Changeset: 4e24166832238171ab5cb67e4206a8a241a185c6
Author:	 Mark Doliner <mark at kingant.net>
Date:	 2014-01-11 23:00 -0800
Branch:	 release-2.x.y
URL: https://hg.pidgin.im/pidgin/main/rev/4e2416683223

Description:

Add Tomasz's fixes to the ChangeLog. I'll hopefully remember to fill in the
CVE numbers before tagging.

diffstat:

 ChangeLog |  9 +++++++++
 1 files changed, 9 insertions(+), 0 deletions(-)

diffs (33 lines):

diff --git a/ChangeLog b/ChangeLog
--- a/ChangeLog
+++ b/ChangeLog
@@ -26,6 +26,9 @@ version 2.10.8:
 	  session.
 
 	Gadu-Gadu:
+	* Fix buffer overflow with remote code execution potential. Only
+	  triggerable by a Gadu-Gadu server or a man-in-the-middle.
+	  (discovered by Yves Younan, Sourcefire VRT) (CVE-2014-NNNN)
 	* Disabled buddy list import/export from/to server (it didn't work
 	  anymore).
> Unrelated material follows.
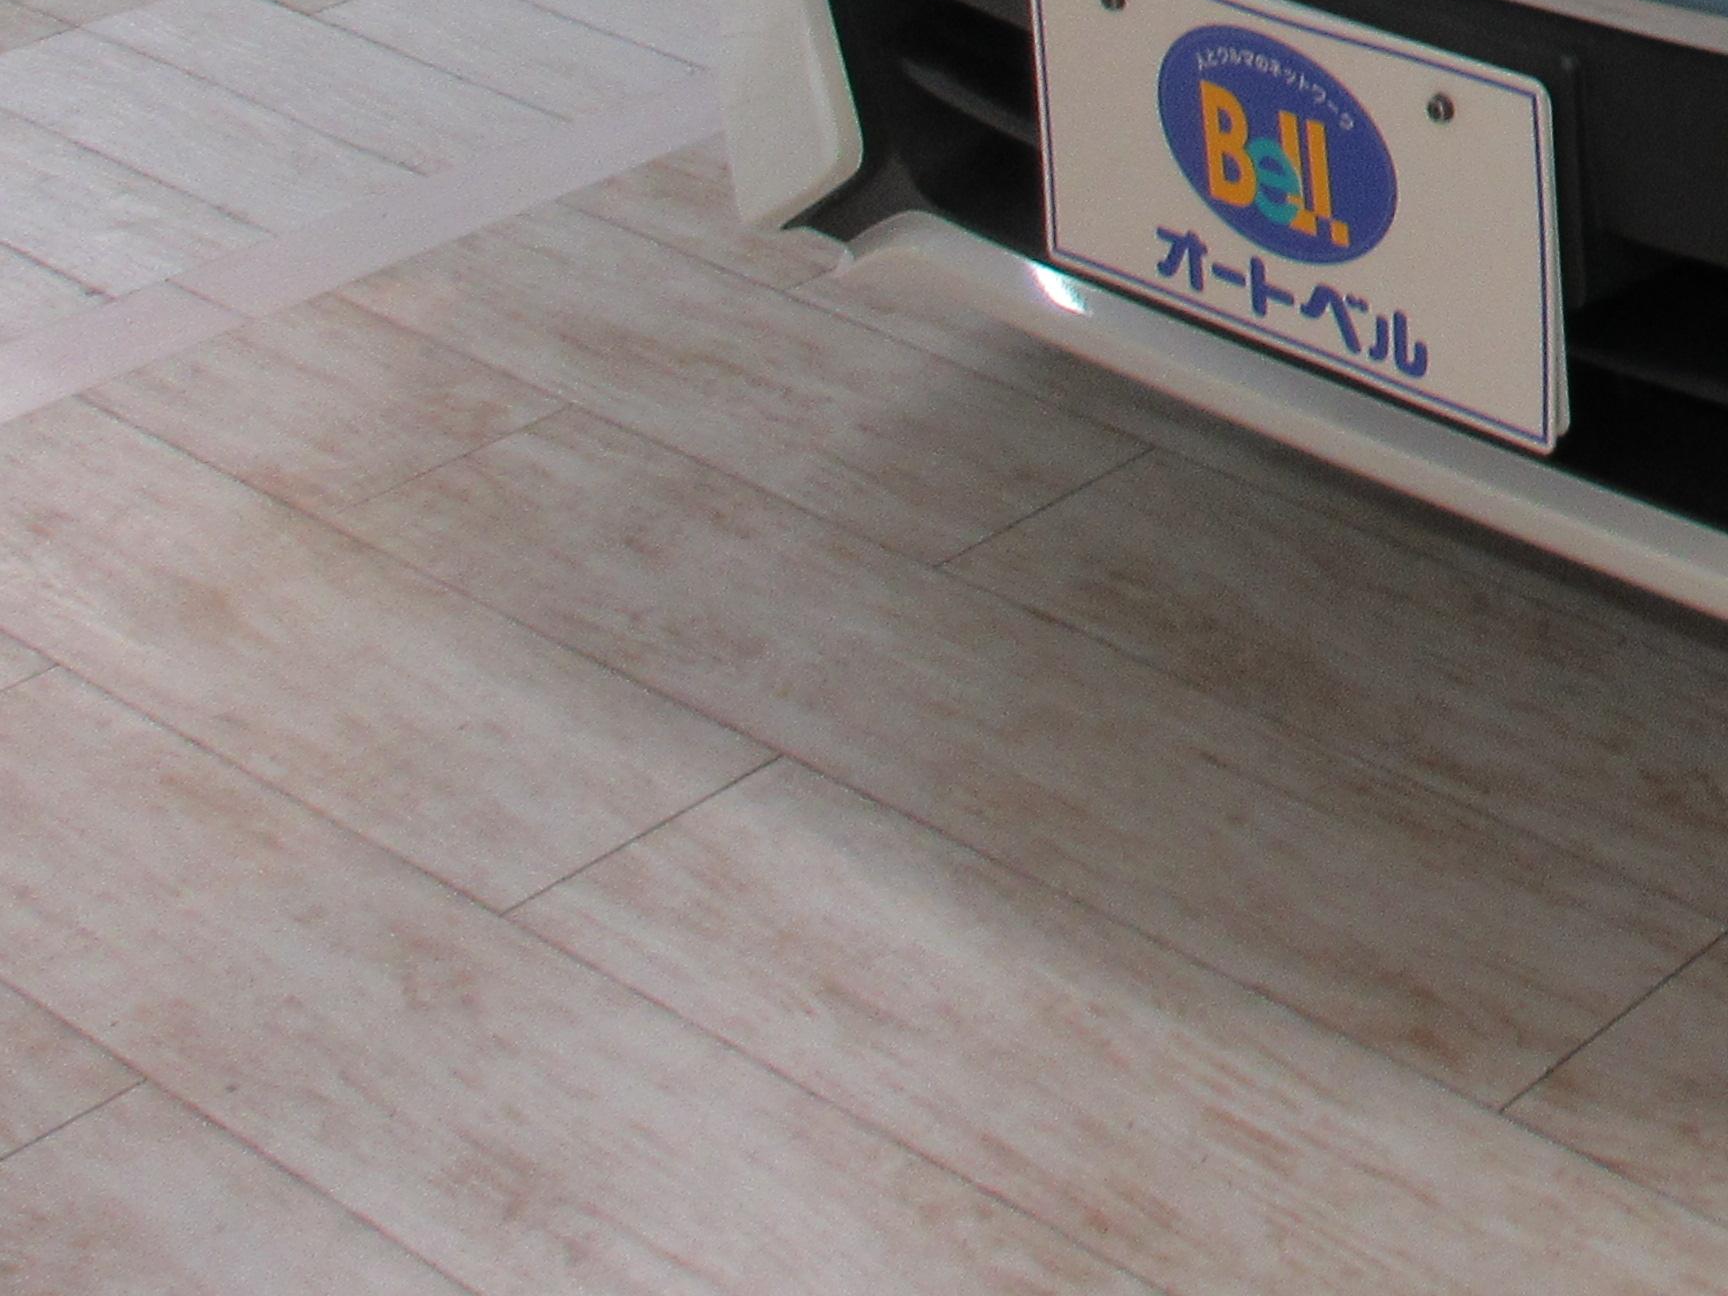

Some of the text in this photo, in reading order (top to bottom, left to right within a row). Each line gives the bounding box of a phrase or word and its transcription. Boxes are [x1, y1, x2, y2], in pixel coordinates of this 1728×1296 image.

[1155, 226, 1428, 377] オートベル
Buddy list synchronization will be implemented in 3.0.0.
 
@@ -35,6 +38,8 @@ version 2.10.8:
 	  Cyrus SASL support. (#15517)
 
 	MXit:
+	* Fix buffer overflow with remote code execution potential.
+	  (discovered by Sourcefire VRT) (CVE-2014-NNNN)
 	* Fix sporadic crashes that can happen after user is disconnected.
 	* Fix crash when attempting to add a contact via search results.
 	* Show error message if file transfer fails.
@@ -44,6 +49,10 @@ version 2.10.8:
 	SILC:
 	* Correctly set whiteboard dimensions in whiteboard sessions.
 
+	SIMPLE:
+	* Fix buffer overflow with remote code execution potential.
+	  (discovered by Sourcefire VRT) (CVE-2014-NNNN)
+
 	XMPP:
 	* Fix possible crash or other erratic behavior when selecting a very
 	  small file for your own buddy icon.